My partner Jason and I go outside and the hill above Panera is on fire. We’re like, “Well, maybe we’ll go home the long way.”

📨 Next Week: The fires close in on Gwen’s neighborhood.

🎲 Your Turn: Have you ever experienced a natural disaster? Do you know someone who has? If you want to share your story with me, reply to this email. If you want to share your story with the world, click the orange button below.

Geoffrey Golden is a narrative designer, game creator, and interactive fiction author from Los Angeles. He’s written for Ubisoft, Disney, Gearbox, and indie studios around the world.

3 responses to “Burn, Panera, Burn”

  1. I’ve lived my whole life in the coastal plains of North Carolina, so hurricanes are just a part of life in these parts. That said, the Big 3 of storms I’ve survived would probably be Hurricanes Fran, Floyd, and Isabelle, with the last of those three being the first nail in the coffin of my childhood home(Isabelle wrecked the roof, the contractor the mortgage company hired to fix it did half the work, took half the insurance money, ran and filed bankruptcy, the mortgage company dragged their feet releasing the other half of the insurance money to my father, the damage accumulated from the lack of a functioning roof outpaced my family’s ability to make repairs and by the time the mortgage company forced my family out in early 2012, the old place was barely standing and condemned shortly after the foreclosure.

    Also survived the last really bad N1H1 flu outbreak and Covid19 if you want to count them as natural disasters(technically they are, but I feel like most people put disease in a different box from things like major storms, wild fires, and geological disturbances(speaking of which, I did technically live through the worst earthquake to hit North Carolina in the last century or more, but that was more notable for being strong enough for people to feel it than any damage done, so inactive is the fault that cuts through this state, and I wasn’t even among those who felt it)).

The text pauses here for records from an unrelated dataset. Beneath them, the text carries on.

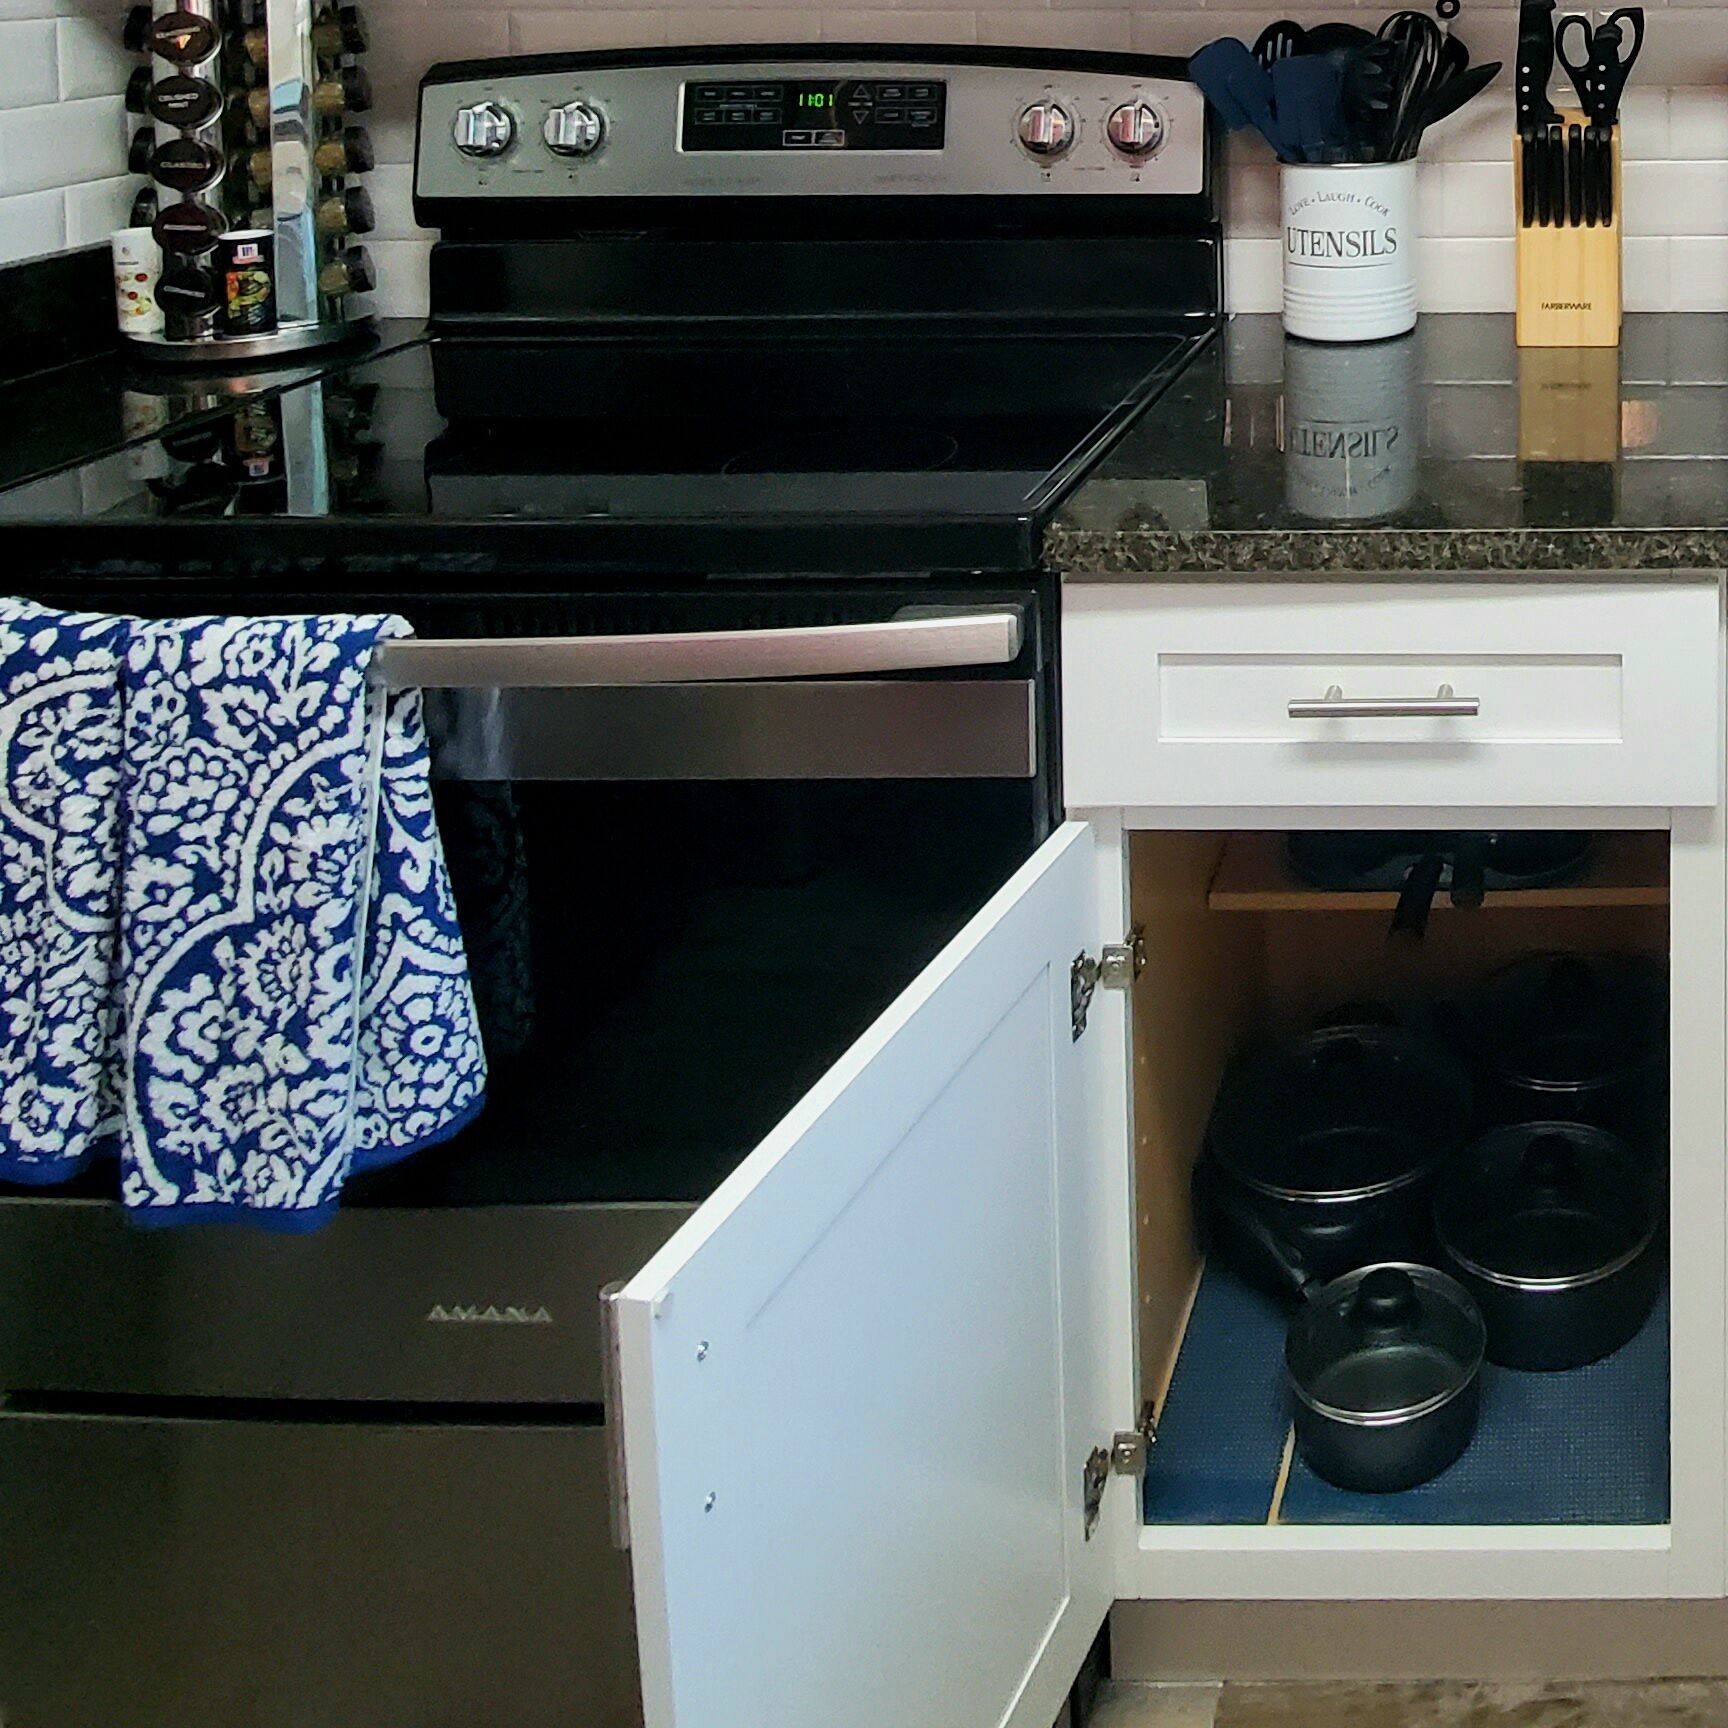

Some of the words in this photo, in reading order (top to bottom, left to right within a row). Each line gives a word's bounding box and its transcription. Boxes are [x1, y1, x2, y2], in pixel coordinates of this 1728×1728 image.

[799, 93, 833, 107] 11:01
[1316, 191, 1356, 203] LAUGH
[1364, 195, 1390, 217] COOK
[1287, 226, 1397, 258] UTENSILS
[1541, 301, 1593, 311] FARBERWARE

    1. You’re a survivor. The fact that you lived through three hurricanes (not to mention N1HI and COVID) shows how resilient you are.

      That’s horrible what happened to your childhood home. I’m so sorry. It takes a special kind of monster to rob from people after they suffered through a natural disaster. The system is so broken.

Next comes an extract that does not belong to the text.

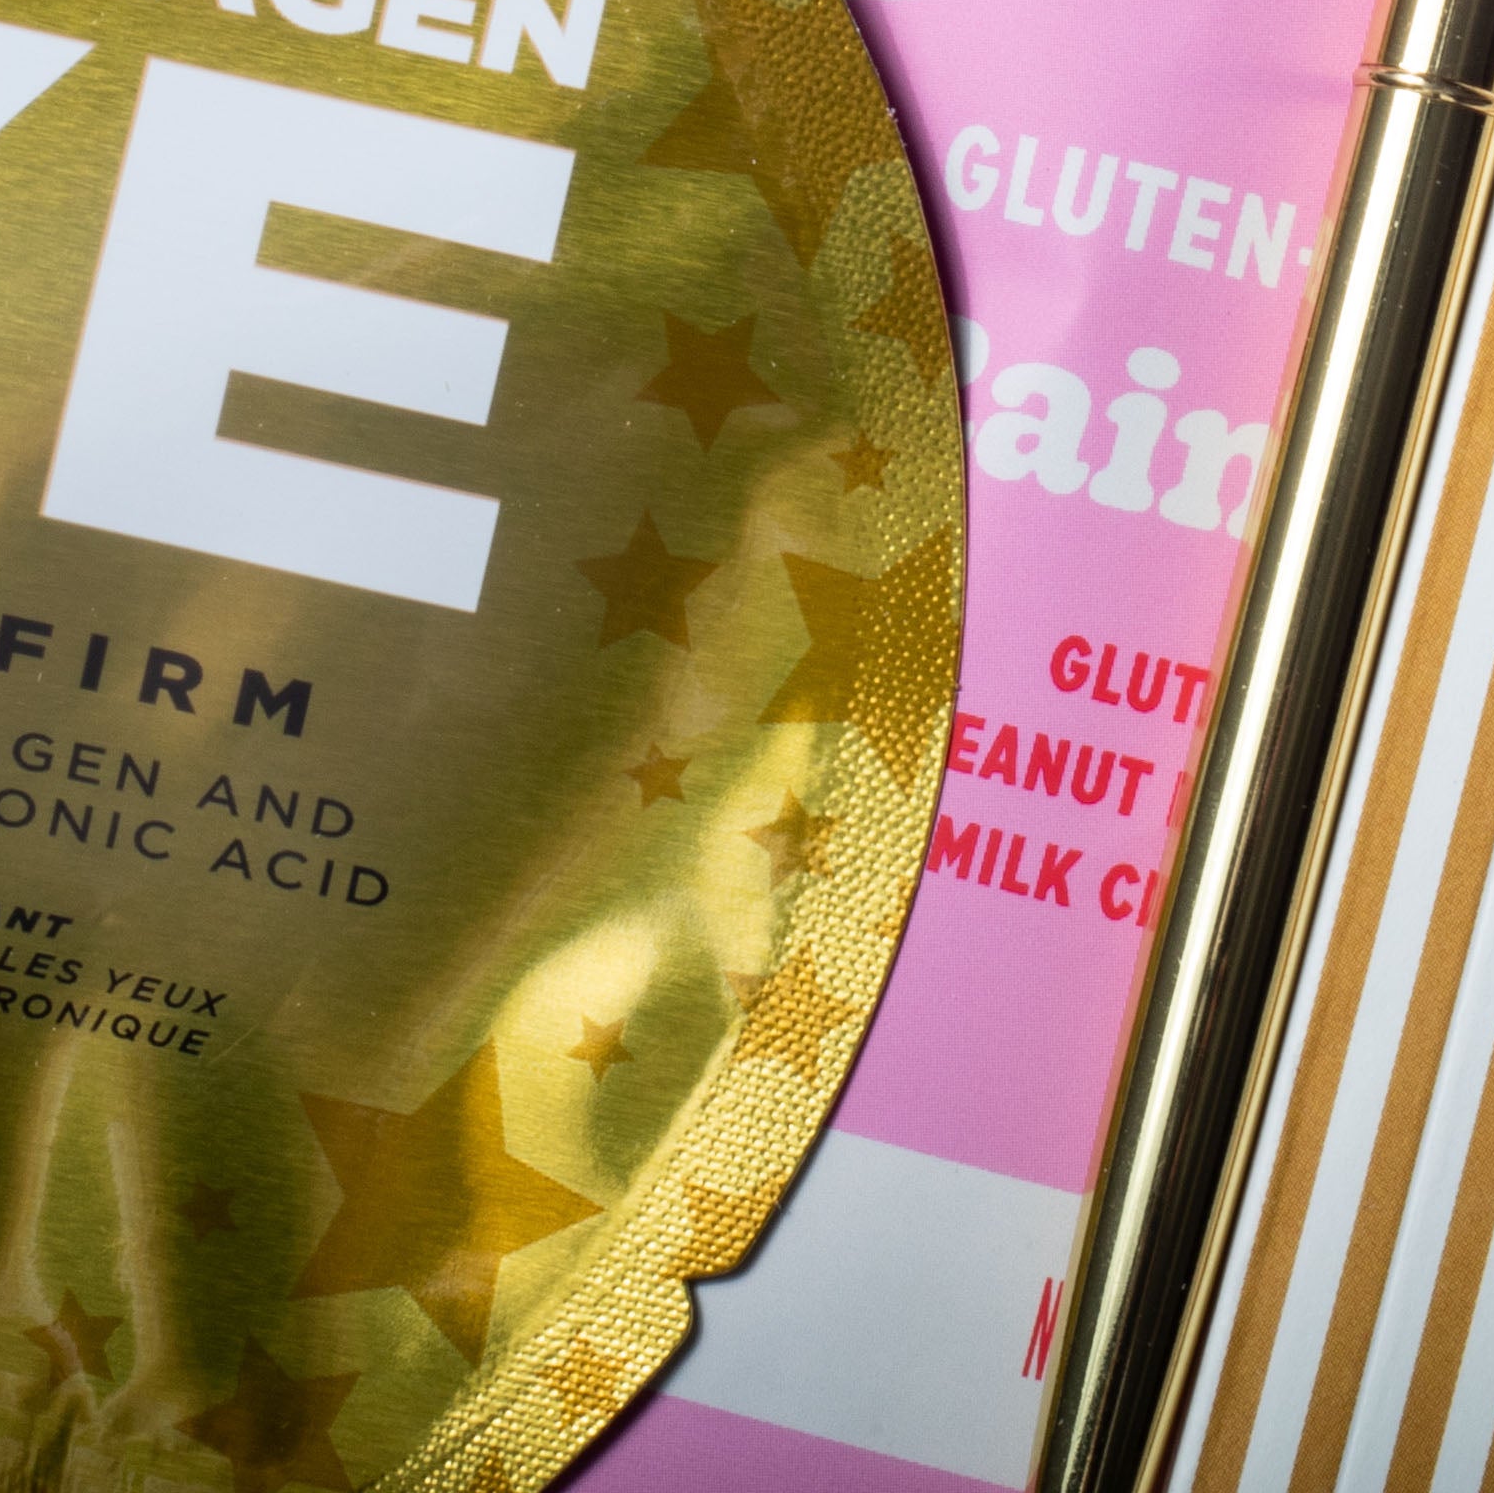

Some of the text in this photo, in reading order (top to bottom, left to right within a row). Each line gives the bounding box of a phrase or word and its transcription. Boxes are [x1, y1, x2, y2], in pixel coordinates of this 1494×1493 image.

      1. Also survived the storm that dropped a tree on the trailer I was renting and my housemate’s car, totalling both back in I think 2019.

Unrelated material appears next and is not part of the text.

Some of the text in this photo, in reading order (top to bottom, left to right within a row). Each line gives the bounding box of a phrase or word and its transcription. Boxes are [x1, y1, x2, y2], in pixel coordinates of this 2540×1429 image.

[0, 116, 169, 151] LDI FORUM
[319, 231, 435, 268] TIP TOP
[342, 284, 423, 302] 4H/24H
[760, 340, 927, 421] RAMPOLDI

        And yeah, the fallout from Isabelle was something. For years we dealt with it raining indoors every time it rained, had to move the family computer like half-a-dozen times because it was in the splash zone of the indoor rain, the back porch completely collapsed in on itself, the roof of the backporch collapsing left a gap between floor and wall along the back wall of the second floor “Mother-in-law’s apartment” wide enough to see sunlight through, my at the time girlfriend fell through the kitchen floor despite being less than a hundred pounds soaking wet. Downright comical if you aren’t the one living through it. Granted, the decline took place over nearly a decade, but it’s a prime example of how failing to make timely repairs can snowball out of control.